# EXERCISE PROMPT:
Transcribe the records in full, keeping every word exactly as given.

# RECORD SET:
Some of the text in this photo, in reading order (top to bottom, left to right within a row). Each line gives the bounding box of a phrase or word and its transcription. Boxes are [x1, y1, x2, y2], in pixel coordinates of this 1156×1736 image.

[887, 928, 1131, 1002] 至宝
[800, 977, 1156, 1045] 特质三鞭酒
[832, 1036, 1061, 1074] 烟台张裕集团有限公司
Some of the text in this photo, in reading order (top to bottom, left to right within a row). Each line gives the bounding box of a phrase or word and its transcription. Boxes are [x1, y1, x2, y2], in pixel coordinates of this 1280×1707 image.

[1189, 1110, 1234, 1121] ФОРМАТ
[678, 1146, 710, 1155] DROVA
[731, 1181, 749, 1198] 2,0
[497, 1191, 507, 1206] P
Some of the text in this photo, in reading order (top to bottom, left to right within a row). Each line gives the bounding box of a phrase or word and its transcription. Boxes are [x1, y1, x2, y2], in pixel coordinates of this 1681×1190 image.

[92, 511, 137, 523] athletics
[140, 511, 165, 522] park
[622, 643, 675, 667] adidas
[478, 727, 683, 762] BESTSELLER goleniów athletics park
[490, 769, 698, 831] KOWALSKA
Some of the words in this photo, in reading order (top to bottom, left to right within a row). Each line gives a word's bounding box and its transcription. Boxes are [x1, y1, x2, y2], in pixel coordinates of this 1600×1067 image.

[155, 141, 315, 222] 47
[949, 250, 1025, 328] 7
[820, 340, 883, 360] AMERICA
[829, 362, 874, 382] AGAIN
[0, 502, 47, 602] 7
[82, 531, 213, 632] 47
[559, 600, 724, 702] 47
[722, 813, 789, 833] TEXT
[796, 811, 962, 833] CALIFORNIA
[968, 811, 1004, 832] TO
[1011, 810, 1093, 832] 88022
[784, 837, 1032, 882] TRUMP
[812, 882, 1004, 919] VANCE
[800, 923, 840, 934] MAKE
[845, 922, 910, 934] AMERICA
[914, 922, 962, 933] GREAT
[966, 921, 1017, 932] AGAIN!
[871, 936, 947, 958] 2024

# RESPONSE TO THIS TASK:
Some of the text in this photo, in reading order (top to bottom, left to right within a row). Each line gives the bounding box of a phrase or word and its transcription. Boxes are [x1, y1, x2, y2], in pixel coordinates of this 1156×1736 image.

[887, 928, 1131, 1002] 至宝
[800, 977, 1156, 1045] 特质三鞭酒
[832, 1036, 1061, 1074] 烟台张裕集团有限公司
Some of the text in this photo, in reading order (top to bottom, left to right within a row). Each line gives the bounding box of a phrase or word and its transcription. Boxes are [x1, y1, x2, y2], in pixel coordinates of this 1280×1707 image.

[1189, 1110, 1234, 1121] ФОРМАТ
[678, 1146, 710, 1155] DROVA
[731, 1181, 749, 1198] 2,0
[497, 1191, 507, 1206] P
Some of the text in this photo, in reading order (top to bottom, left to right within a row). Each line gives the bounding box of a phrase or word and its transcription. Boxes are [x1, y1, x2, y2], in pixel coordinates of this 1681×1190 image.

[92, 511, 137, 523] athletics
[140, 511, 165, 522] park
[622, 643, 675, 667] adidas
[478, 727, 683, 762] BESTSELLER goleniów athletics park
[490, 769, 698, 831] KOWALSKA
Some of the words in this photo, in reading order (top to bottom, left to right within a row). Each line gives a word's bounding box and its transcription. Boxes are [x1, y1, x2, y2], in pixel coordinates of this 1600×1067 image.

[155, 141, 315, 222] 47
[949, 250, 1025, 328] 7
[820, 340, 883, 360] AMERICA
[829, 362, 874, 382] AGAIN
[0, 502, 47, 602] 7
[82, 531, 213, 632] 47
[559, 600, 724, 702] 47
[722, 813, 789, 833] TEXT
[796, 811, 962, 833] CALIFORNIA
[968, 811, 1004, 832] TO
[1011, 810, 1093, 832] 88022
[784, 837, 1032, 882] TRUMP
[812, 882, 1004, 919] VANCE
[800, 923, 840, 934] MAKE
[845, 922, 910, 934] AMERICA
[914, 922, 962, 933] GREAT
[966, 921, 1017, 932] AGAIN!
[871, 936, 947, 958] 2024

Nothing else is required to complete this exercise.